**EXERCISE INSTRUCTIONS**:
Drop the pictures and repeat the remaining data exactly.
___ LISTED ENTRIES
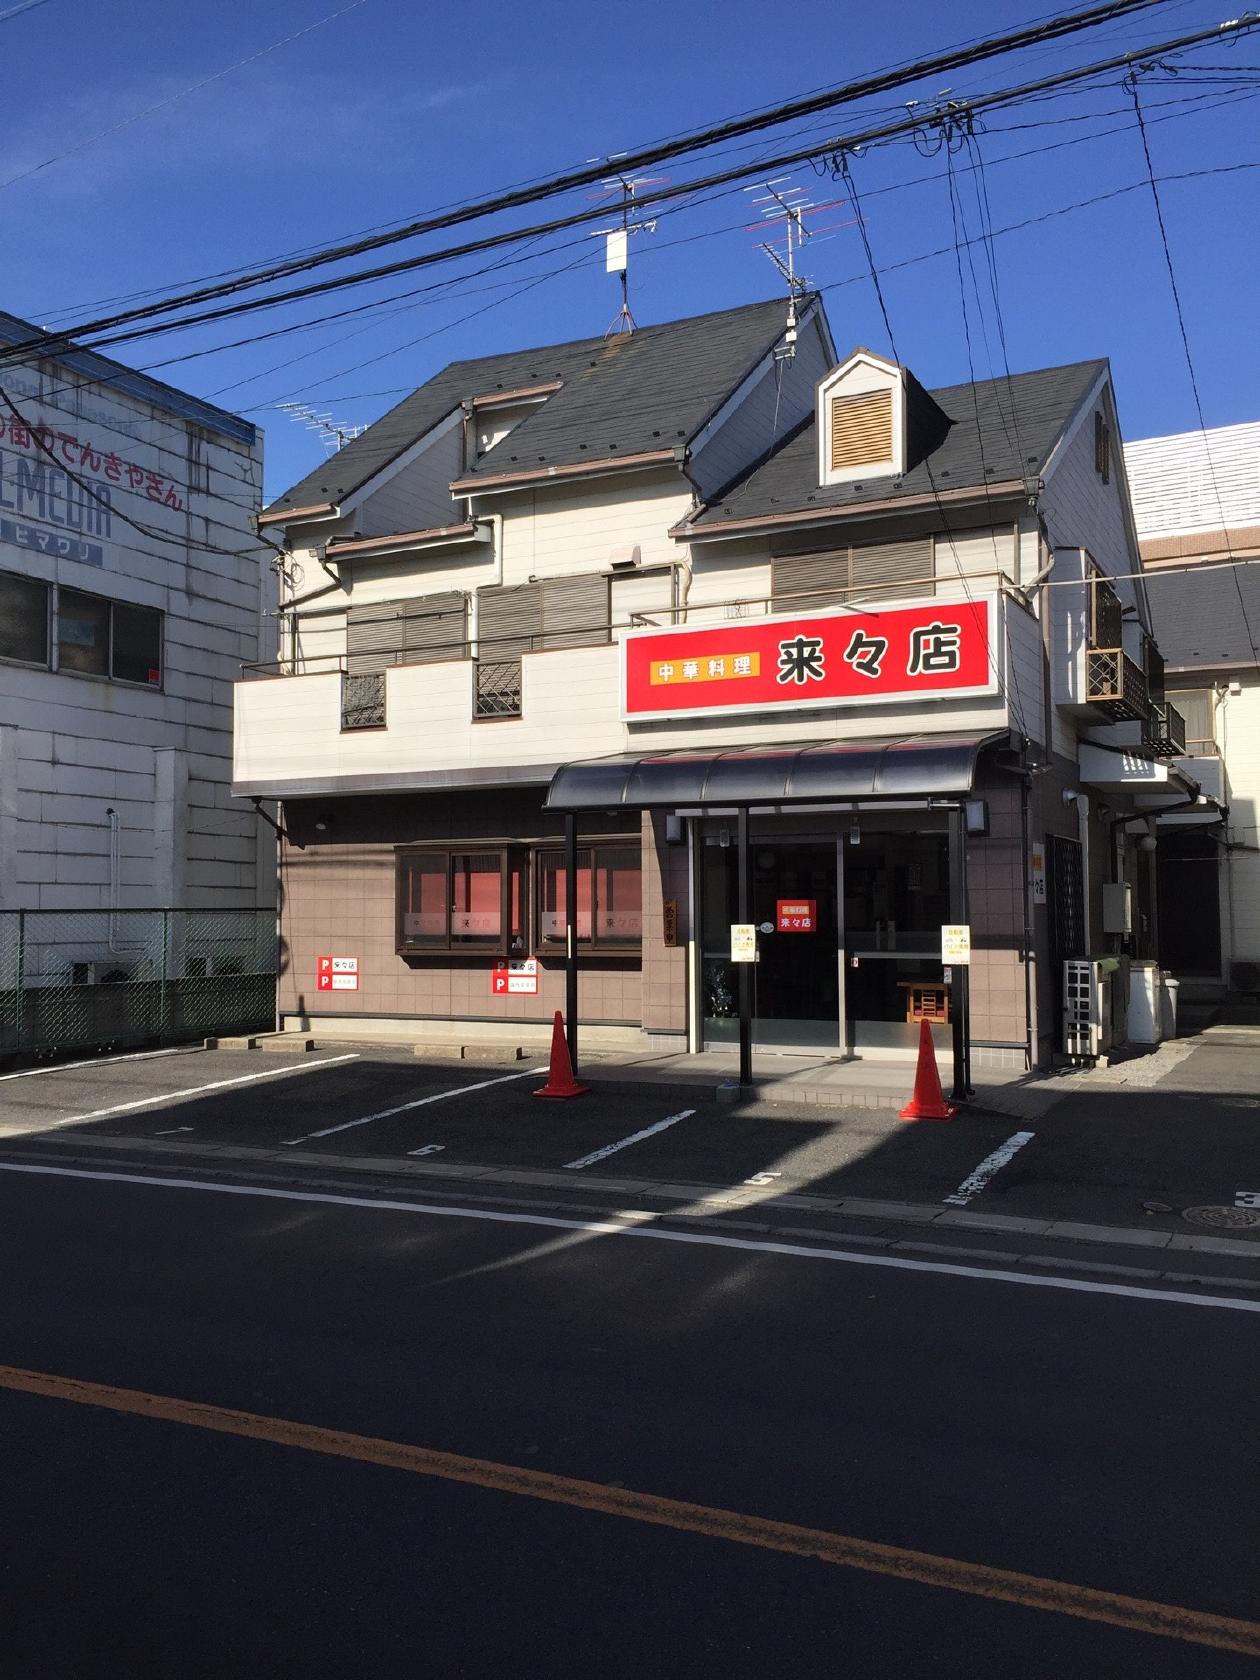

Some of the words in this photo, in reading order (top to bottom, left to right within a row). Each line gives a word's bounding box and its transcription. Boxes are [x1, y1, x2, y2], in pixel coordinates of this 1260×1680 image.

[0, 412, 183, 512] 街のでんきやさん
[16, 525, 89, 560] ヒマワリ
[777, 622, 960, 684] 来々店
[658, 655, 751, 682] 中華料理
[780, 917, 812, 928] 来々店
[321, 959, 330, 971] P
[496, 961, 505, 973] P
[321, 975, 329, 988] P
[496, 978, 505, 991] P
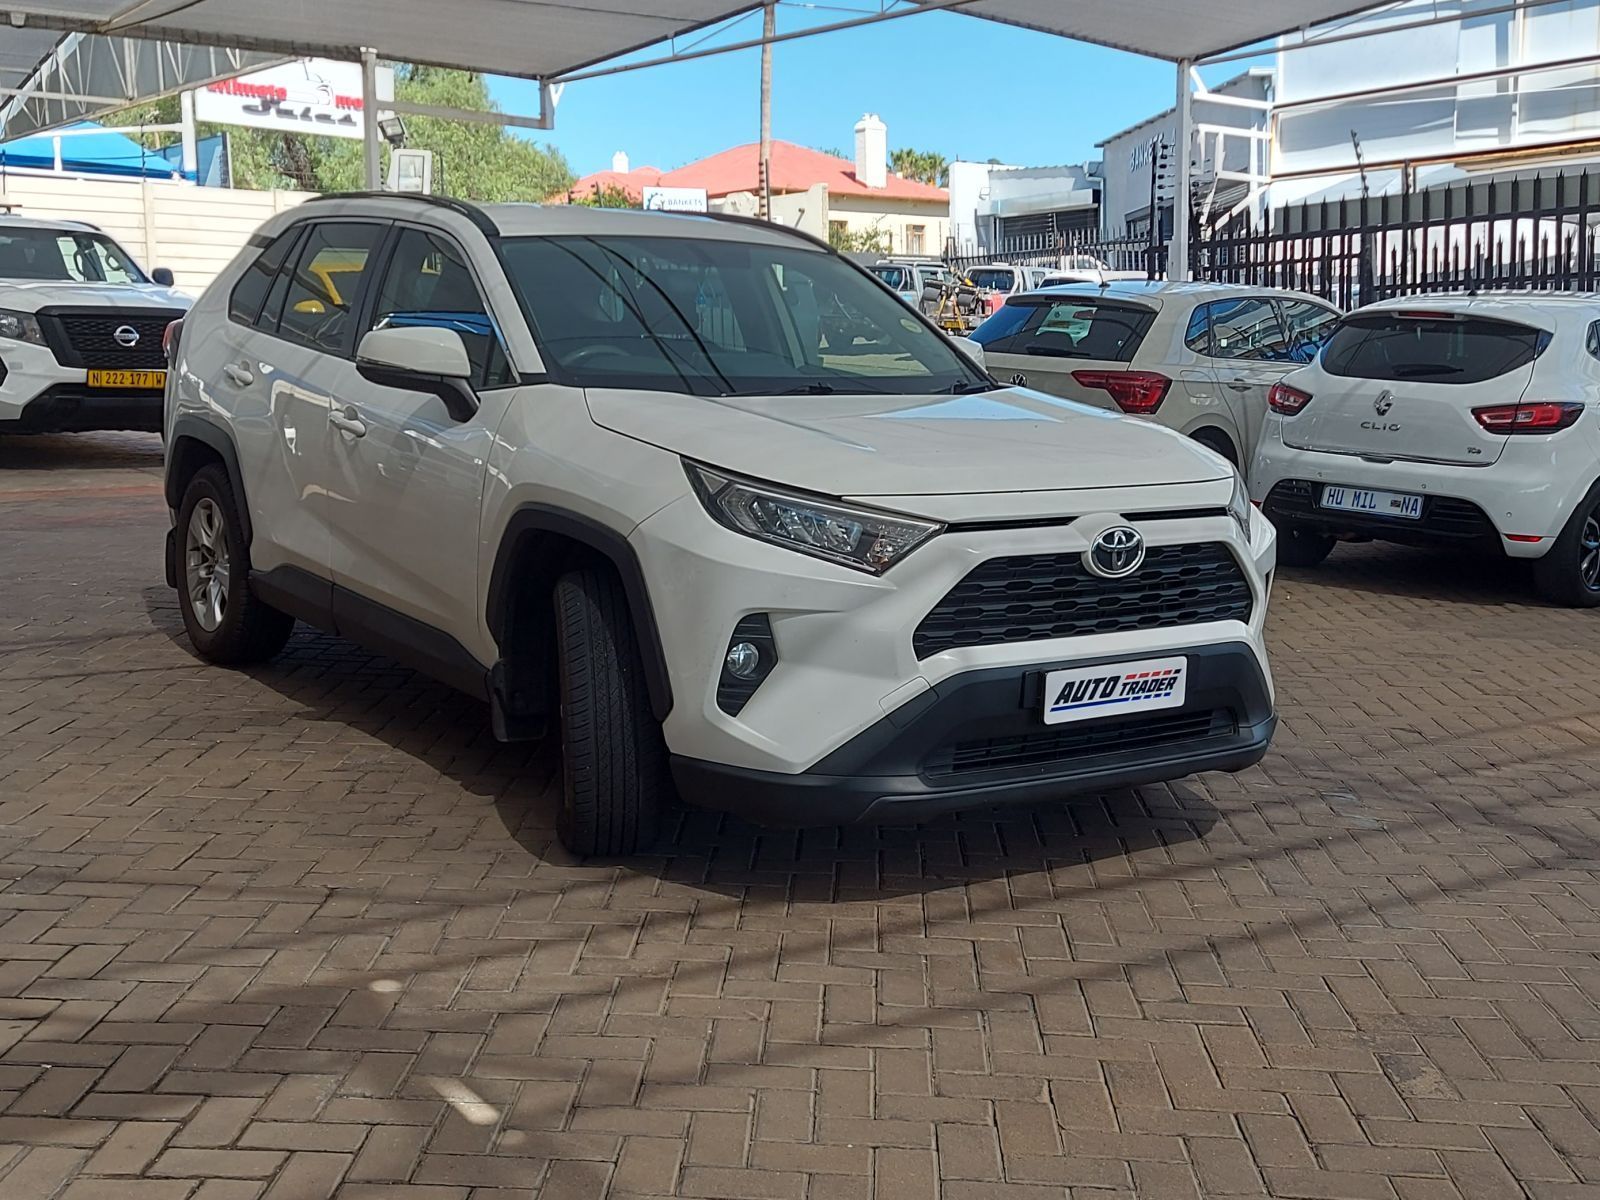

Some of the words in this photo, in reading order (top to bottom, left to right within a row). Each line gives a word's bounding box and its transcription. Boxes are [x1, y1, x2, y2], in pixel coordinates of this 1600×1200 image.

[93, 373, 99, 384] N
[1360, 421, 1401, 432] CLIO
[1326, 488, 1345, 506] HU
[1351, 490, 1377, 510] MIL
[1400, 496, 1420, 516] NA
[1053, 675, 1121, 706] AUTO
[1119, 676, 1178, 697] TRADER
______
**YOUR RESPONSE**:
Some of the words in this photo, in reading order (top to bottom, left to right within a row). Each line gives a word's bounding box and its transcription. Boxes are [x1, y1, x2, y2], in pixel coordinates of this 1260×1680 image.

[0, 412, 183, 512] 街のでんきやさん
[16, 525, 89, 560] ヒマワリ
[777, 622, 960, 684] 来々店
[658, 655, 751, 682] 中華料理
[780, 917, 812, 928] 来々店
[321, 959, 330, 971] P
[496, 961, 505, 973] P
[321, 975, 329, 988] P
[496, 978, 505, 991] P

Some of the words in this photo, in reading order (top to bottom, left to right within a row). Each line gives a word's bounding box and its transcription. Boxes are [x1, y1, x2, y2], in pixel coordinates of this 1600×1200 image.

[93, 373, 99, 384] N
[1360, 421, 1401, 432] CLIO
[1326, 488, 1345, 506] HU
[1351, 490, 1377, 510] MIL
[1400, 496, 1420, 516] NA
[1053, 675, 1121, 706] AUTO
[1119, 676, 1178, 697] TRADER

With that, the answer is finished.